Manchin declared, “I can’t move forward. I cannot vote to continue with this piece of legislation, I just can’t. I tried everything humanly possible,” he said, referring to his negotiations with President Biden. “I can’t get there. This is a ‘no’ on this legislation. I have tried everything I know to do,” Manchin repeated for emphasis.

A TIME TO ADDRESS MORE URGENT NATIONAL NEEDS

“And the President has worked diligently. He’s been wonderful to work with. He knows I’ve had concerns and the problems I’ve had and, you know, the thing that we should all be directing our attention towards the variant, a Covid that we have coming back at us in so many different aspects in different ways, it’s affecting our lives again,” the West Virginia senator said.

Manchin cited as a main reason prompting him to cut off negotiations with the White House the combination of serious challenges now confronting the nation.
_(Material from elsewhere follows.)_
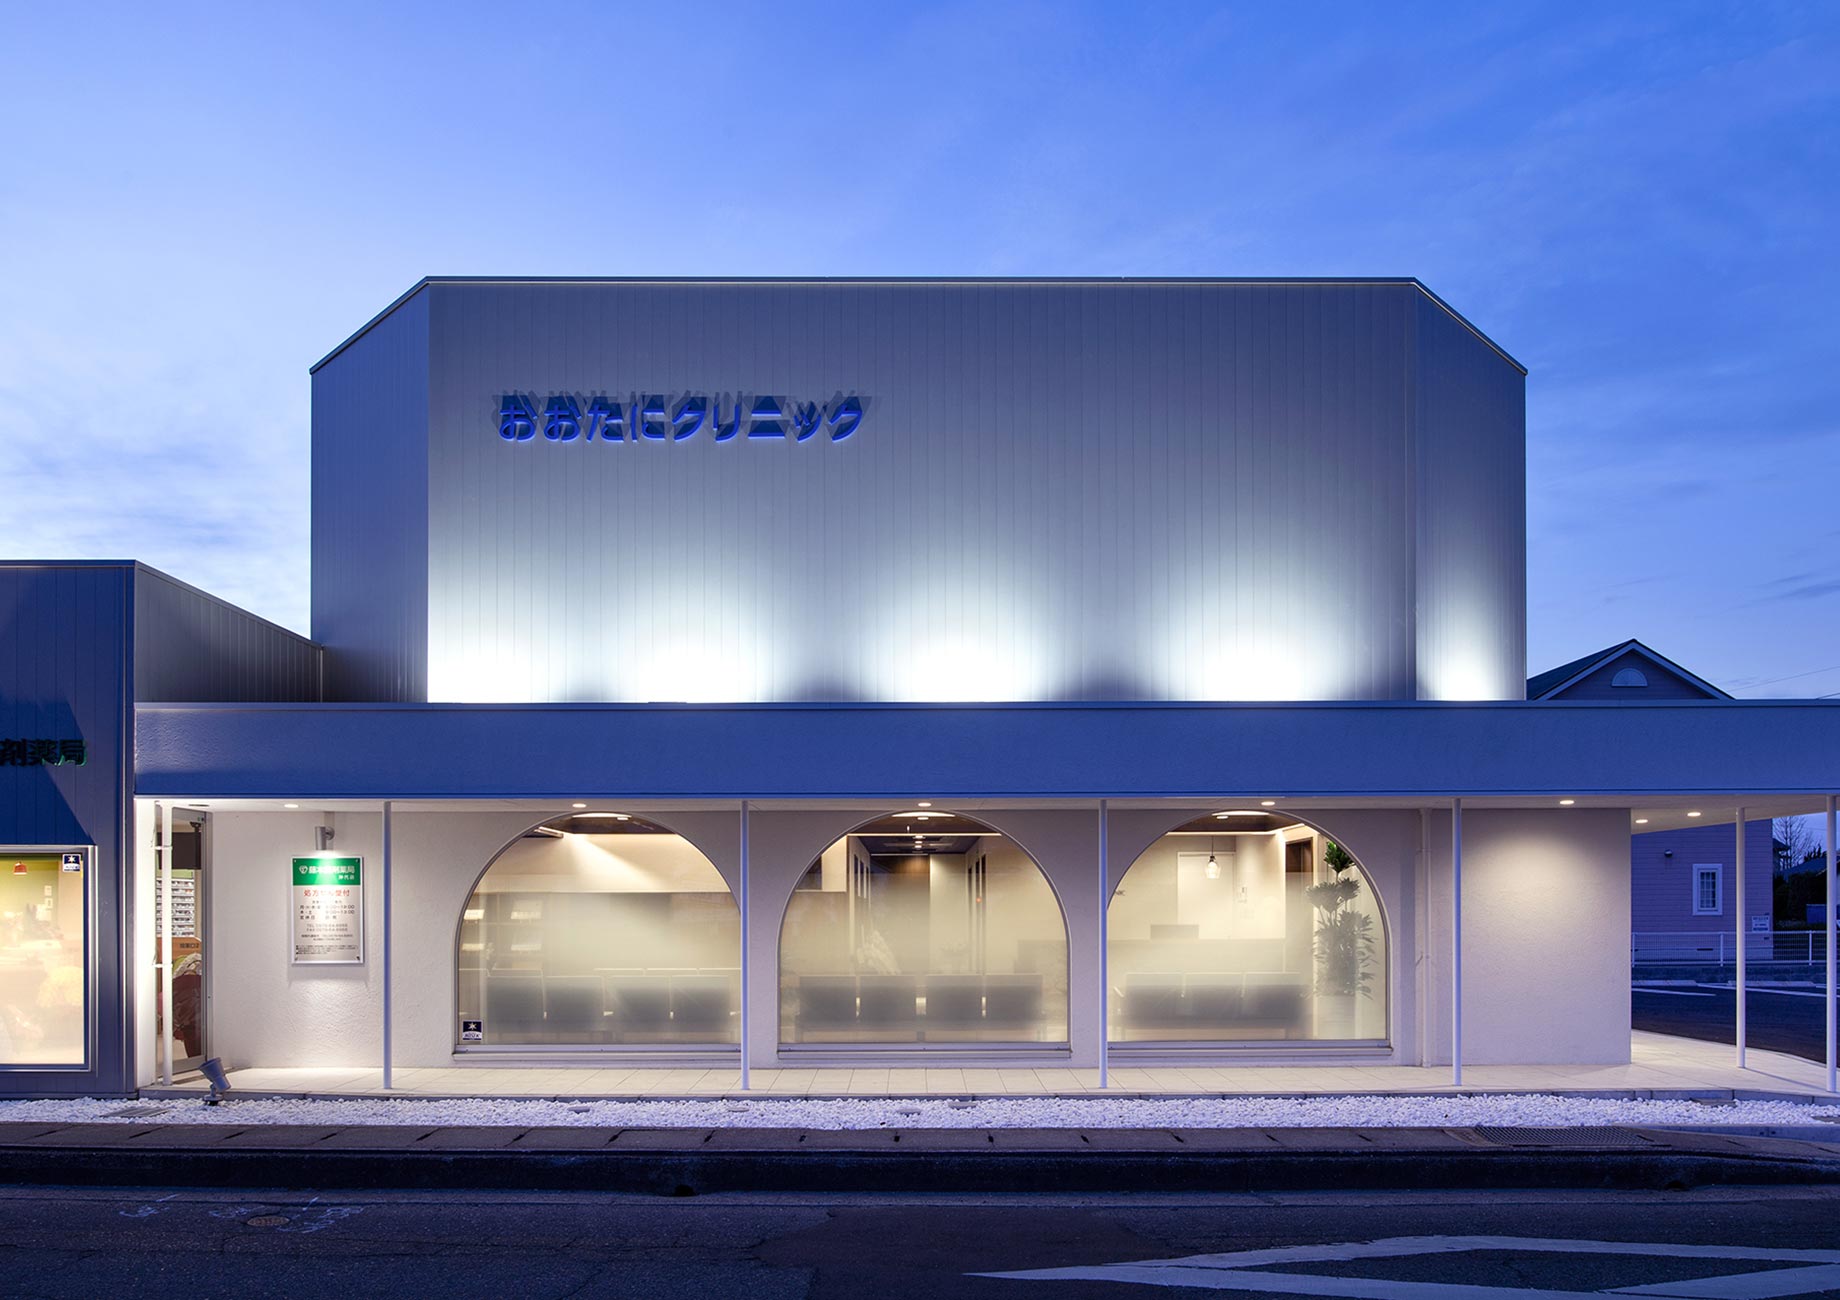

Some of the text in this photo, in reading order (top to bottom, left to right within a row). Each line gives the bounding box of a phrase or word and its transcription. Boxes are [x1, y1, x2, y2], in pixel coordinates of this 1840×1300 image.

[499, 395, 863, 443] おおたにクリニック
These include the spike in inflation, the huge increases in the national debt, “geopolitical unrest (meaning the current military threats facing U.S. allies Ukraine and Taiwan),” and the latest wave in the Covid pandemic, due to the rapid spread of the new omicron variant of the virus.

During a period in which the nation was facing so many serious challenges, Manchin argues that it would be dangerous to commit so many of its financial resources to a bill whose passage could be safely put off until after the current national emergency has passed.
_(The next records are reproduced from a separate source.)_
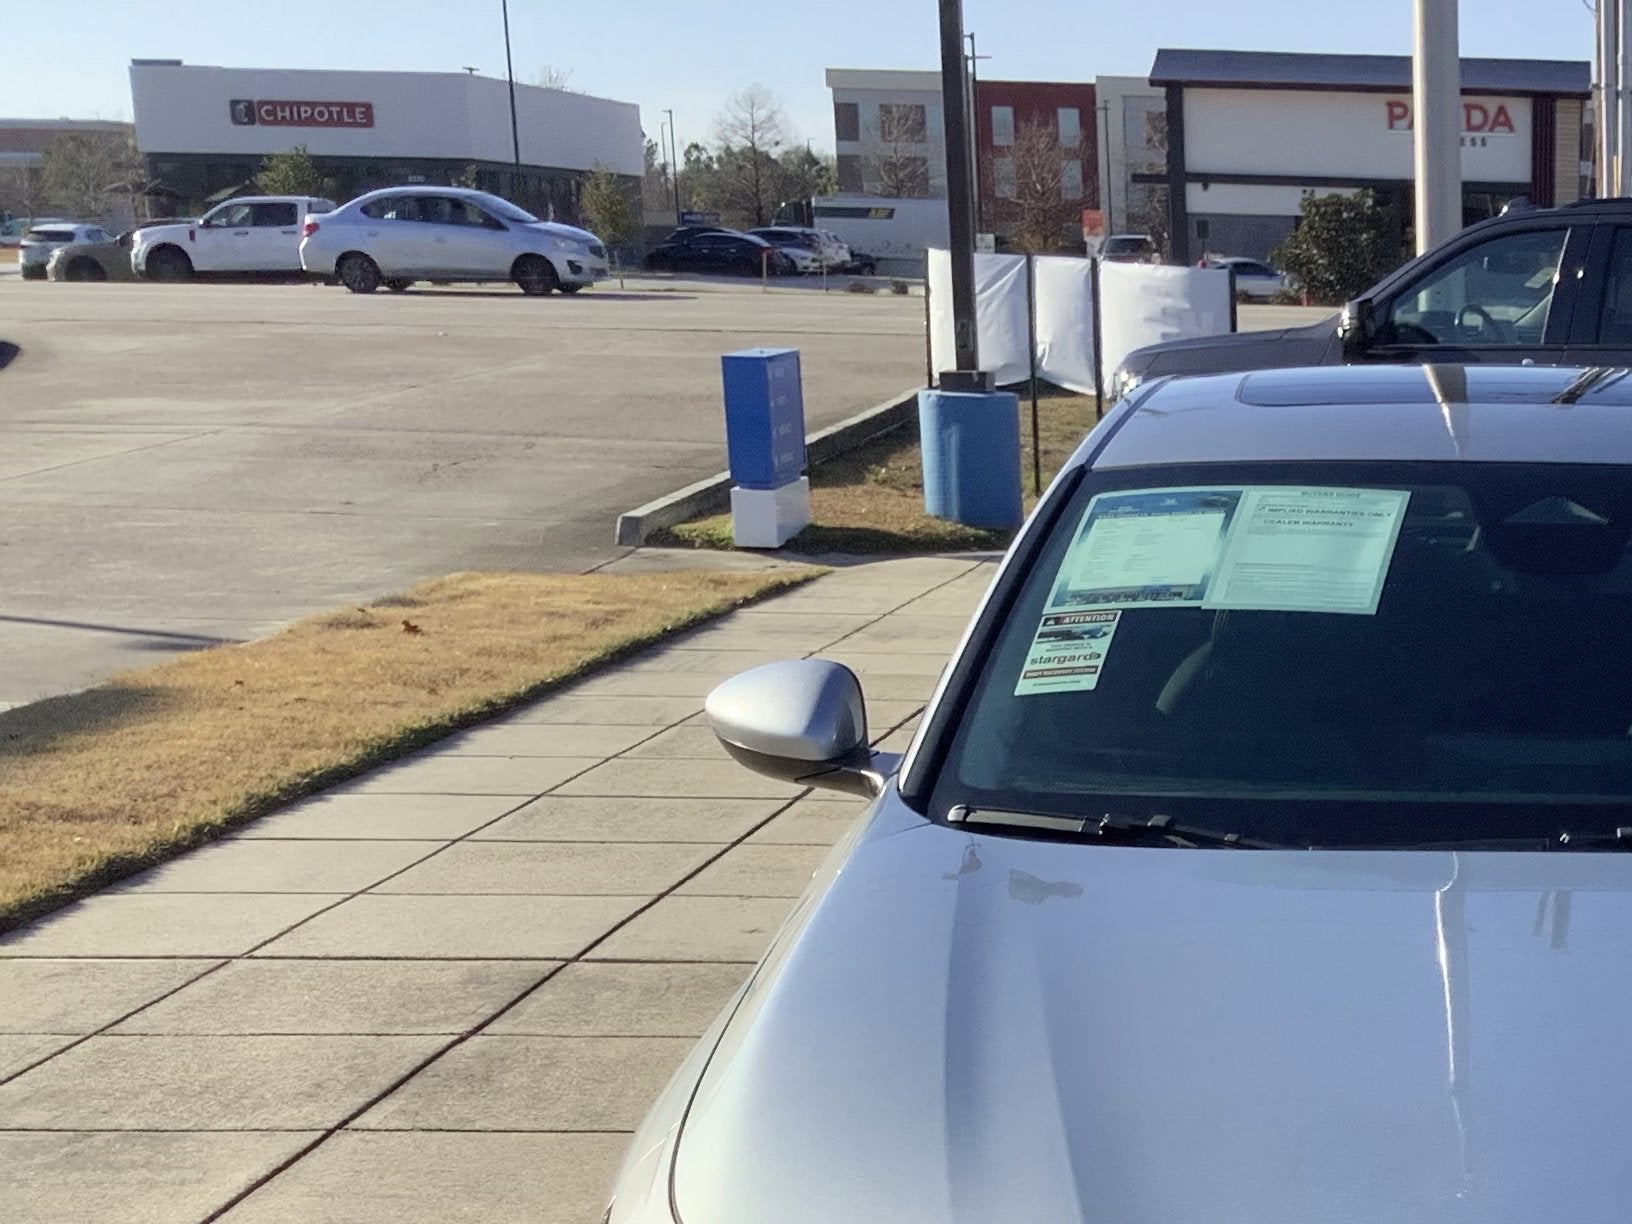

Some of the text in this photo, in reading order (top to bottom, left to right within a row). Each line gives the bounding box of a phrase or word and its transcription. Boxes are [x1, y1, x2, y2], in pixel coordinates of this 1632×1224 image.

[260, 105, 367, 123] CHIPOTLE
[1385, 101, 1515, 133] PDA
[1267, 507, 1304, 515] IMPLIED
[1305, 508, 1365, 517] WARRANTIES
[1302, 519, 1354, 528] WARRANTY
[1063, 613, 1116, 624] ATTENTION
“When you have these things coming at you the way they are right now,” Manchin said, “I cannot vote to continue with this piece of legislation.”

Manchin conceded that there were aspects of Biden’s bill that he strongly supports, such as the continuation of expanded child care tax credits. “There’s a lot of good, but that bill is a mammoth piece of legislation,” containing controversial proposals which Manchin said deserve a full debate before being enacted into law.

RESPONDING TO THE THREAT FROM INFLATION

He also stressed his deep concerns over the inflation that has already “harmed a lot of Americans. Inflation is real. It’s not going away any time soon… What we need to do is get our financial house in order, but be able to pay for what we do and do what we pay for,” Manchin said.

In a statement released shortly after his television appearance, Manchin explained that “my Democratic colleagues in Washington are determined to dramatically reshape our society in a way that leaves our country even more vulnerable to the threats we face. I cannot take that risk with a staggering debt of more than $29 trillion and inflation taxes that are real and harmful to every hard-working American at the gasoline pumps, grocery stores and utility bills with no end in sight.”

He also declared, “I have always said, ‘If I can’t go back home and explain it, I can’t vote for it.’ Despite my best efforts, I cannot explain the sweeping Build Back Better Act in West Virginia and I cannot vote to move forward on this mammoth piece of legislation.”

Manchin, who chairs a Senate subcommittee on energy, also expressed his concern that Biden’s Build Back Better bill would try to transition the nation’s economy away from the use of fossil fuels “at a rate that is faster than technology or the markets allow,” leading to “catastrophic consequences.”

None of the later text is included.